Dataset records
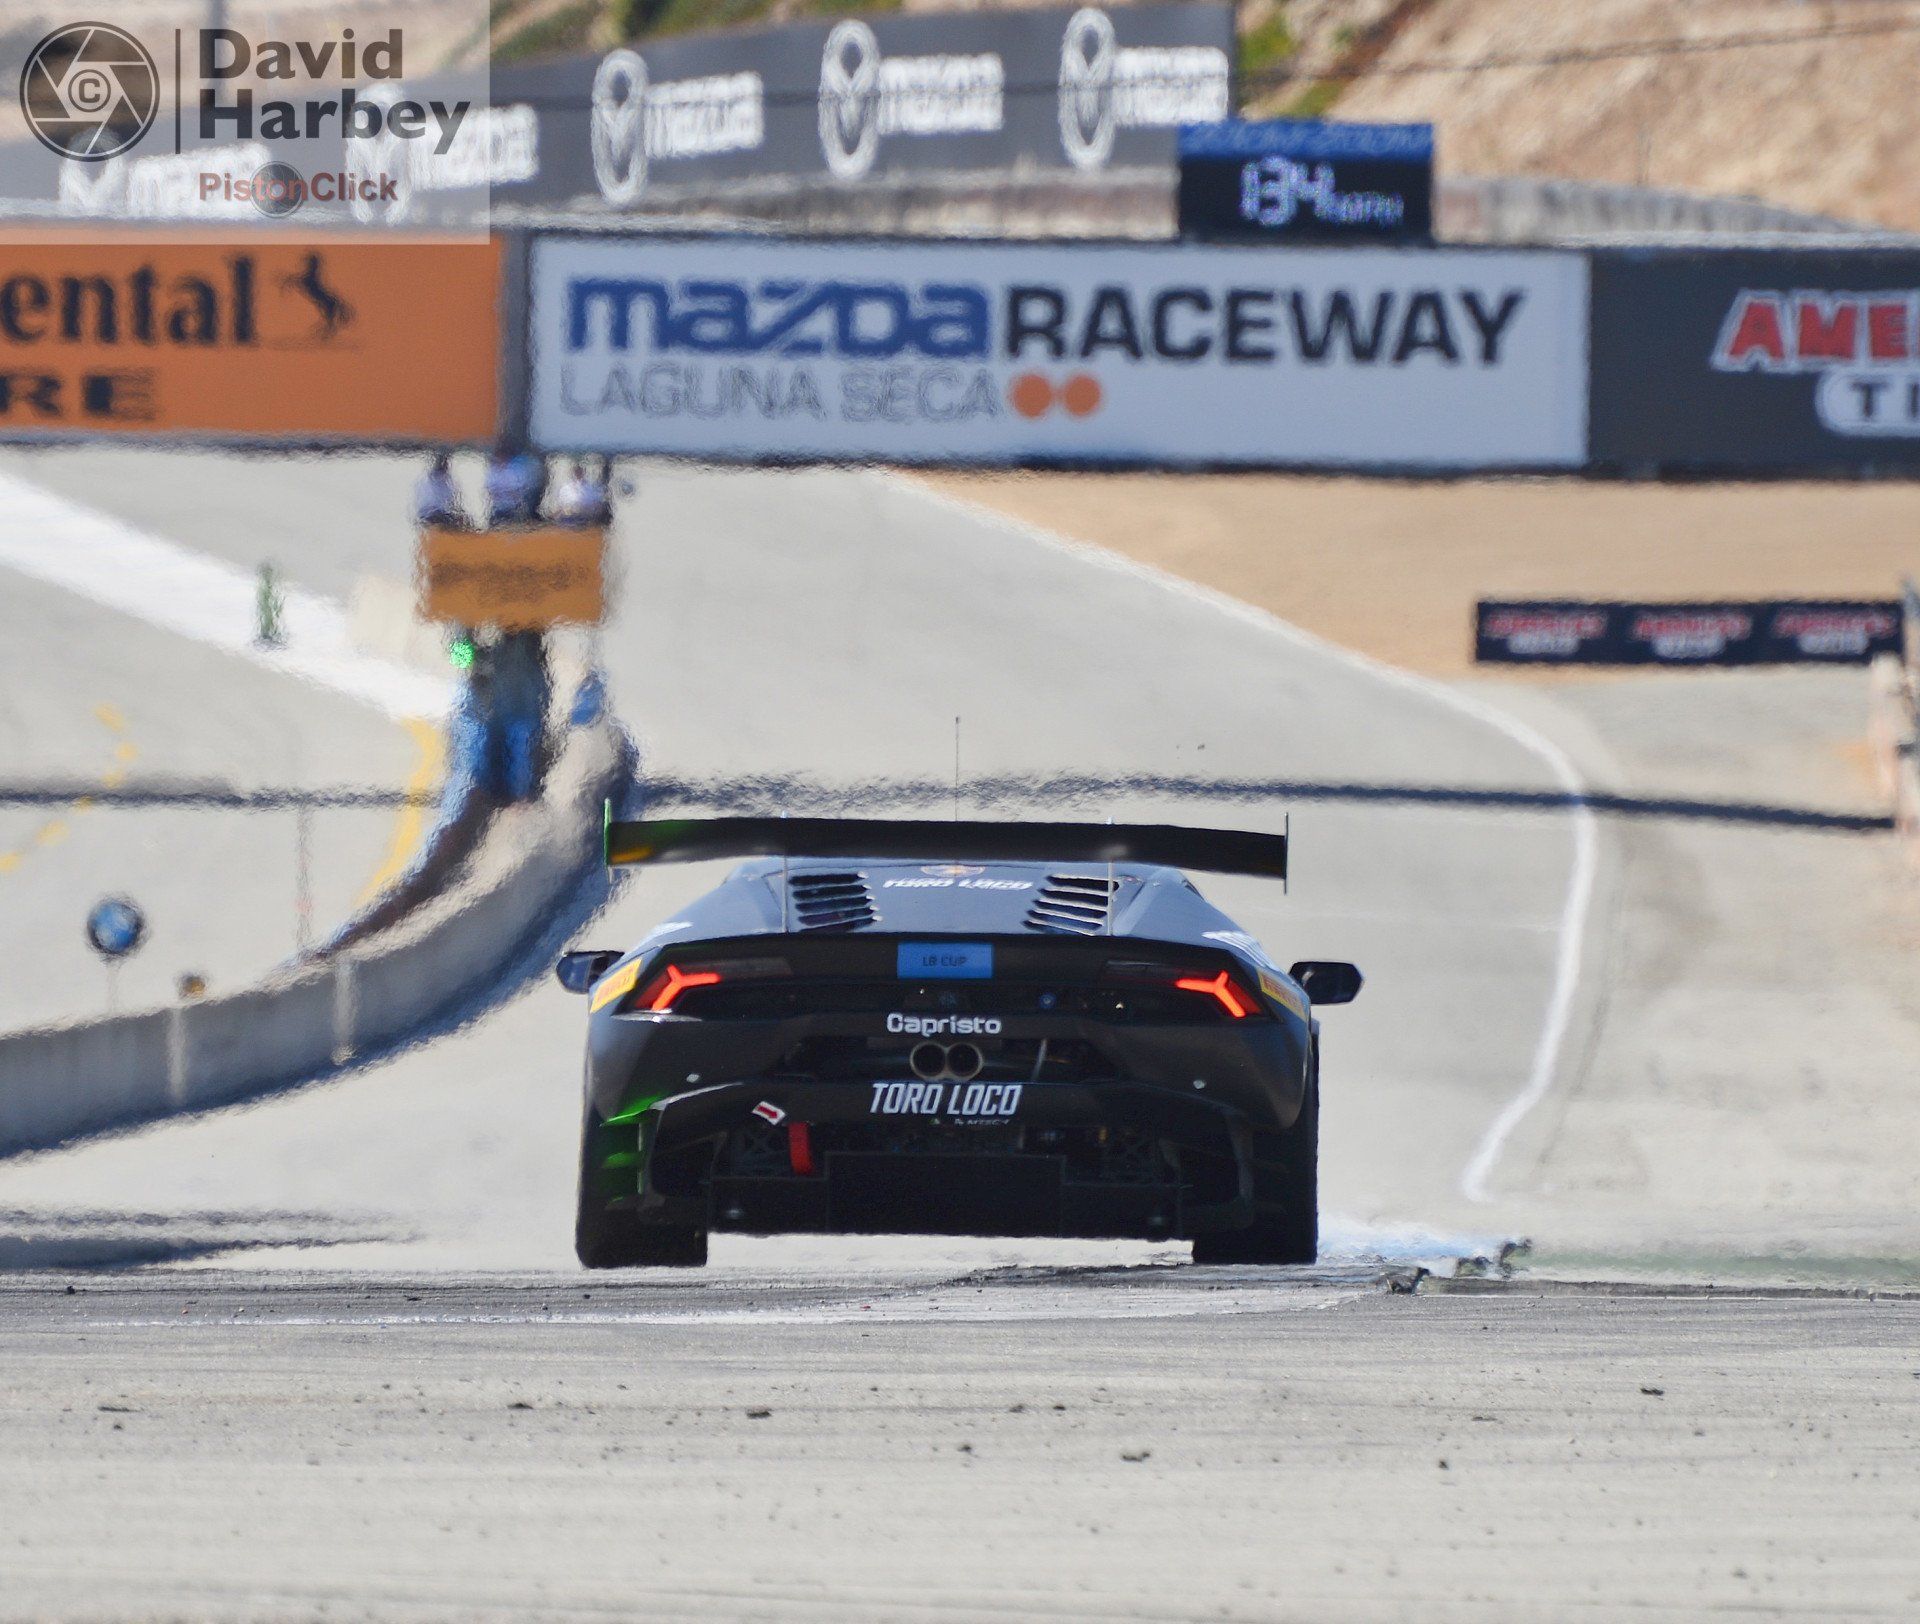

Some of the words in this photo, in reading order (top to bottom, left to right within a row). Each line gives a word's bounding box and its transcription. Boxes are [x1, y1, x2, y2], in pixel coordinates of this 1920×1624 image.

[565, 278, 990, 358] mazda
[1005, 283, 1525, 366] RACEWAY
[559, 361, 828, 419] LAGUNA
[838, 363, 999, 422] SECA
[886, 1012, 1002, 1037] Capristo
[869, 1082, 944, 1115] TORO
[946, 1083, 1024, 1116] LOCO
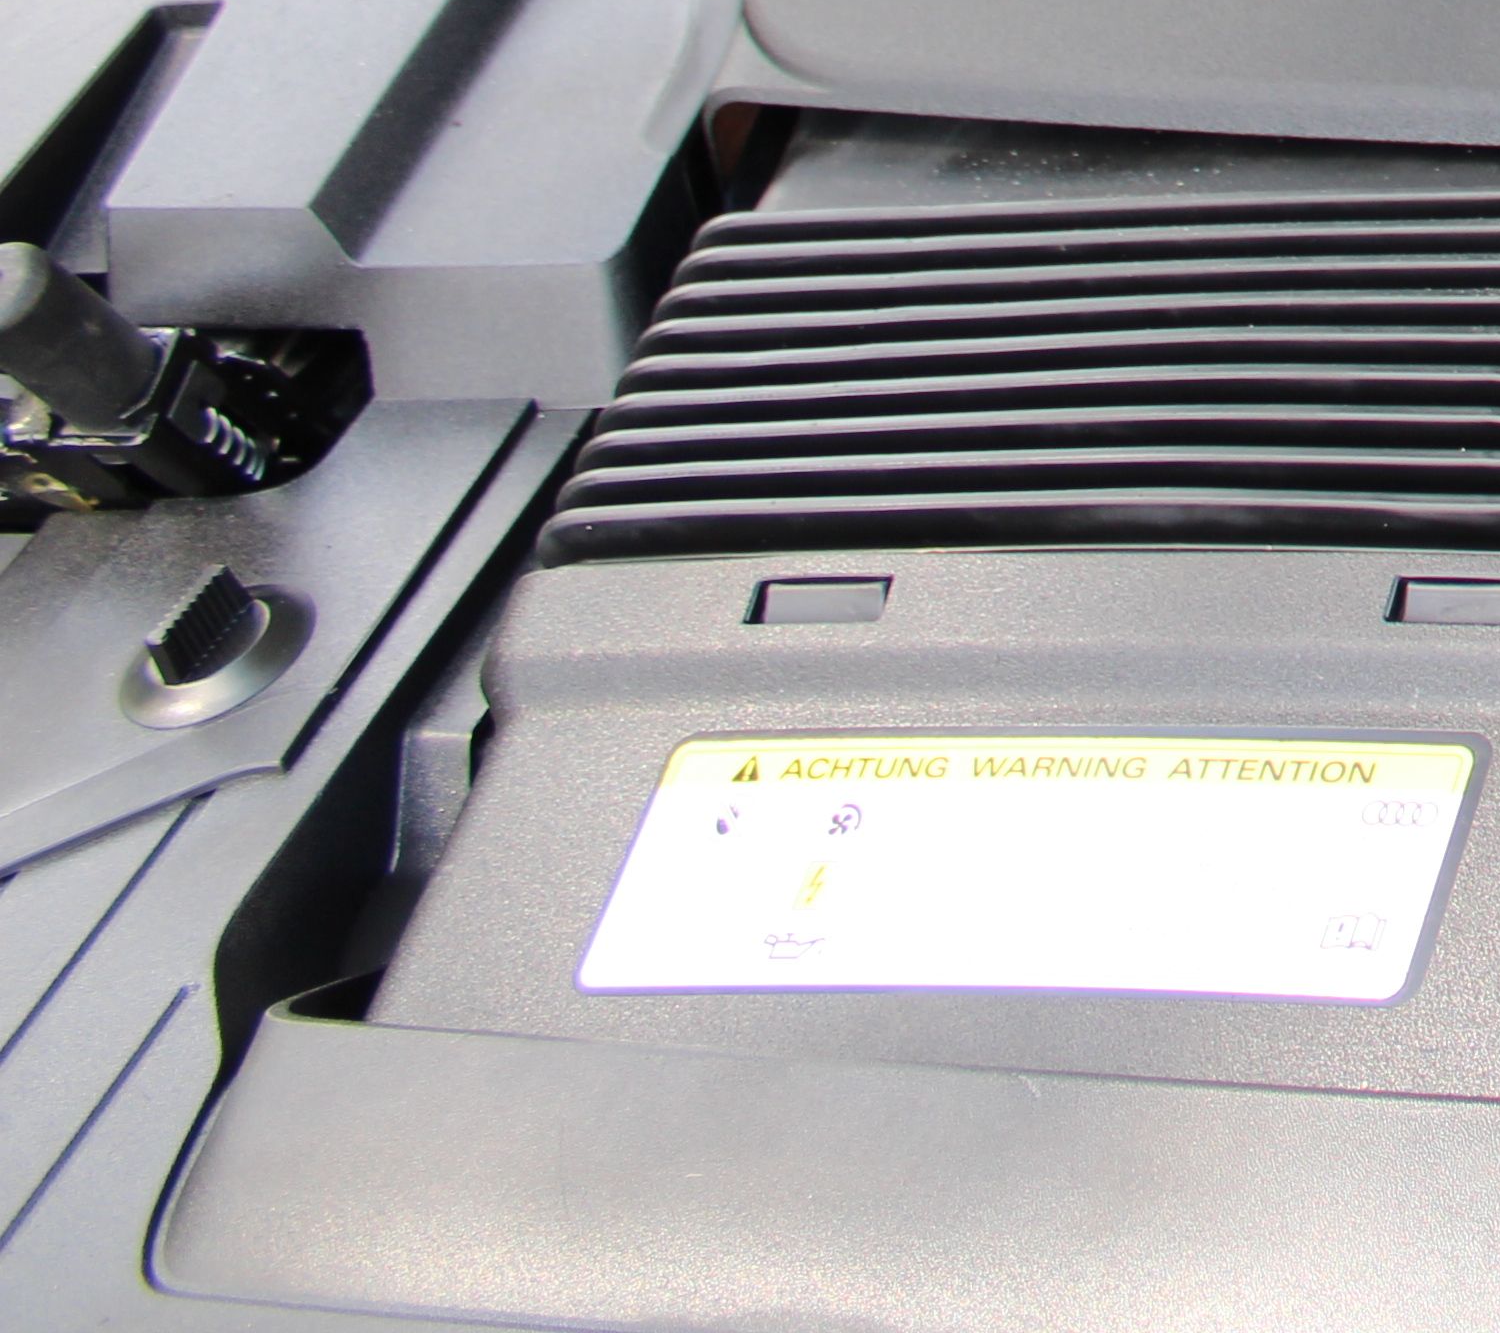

■ Assigned task
Exact copy, no pictures: set down all the entries again as they stand.

■ Result of the task
Some of the words in this photo, in reading order (top to bottom, left to right within a row). Each line gives a word's bounding box and its transcription. Boxes are [x1, y1, x2, y2], in pixel coordinates of this 1920×1624 image.

[565, 278, 990, 358] mazda
[1005, 283, 1525, 366] RACEWAY
[559, 361, 828, 419] LAGUNA
[838, 363, 999, 422] SECA
[886, 1012, 1002, 1037] Capristo
[869, 1082, 944, 1115] TORO
[946, 1083, 1024, 1116] LOCO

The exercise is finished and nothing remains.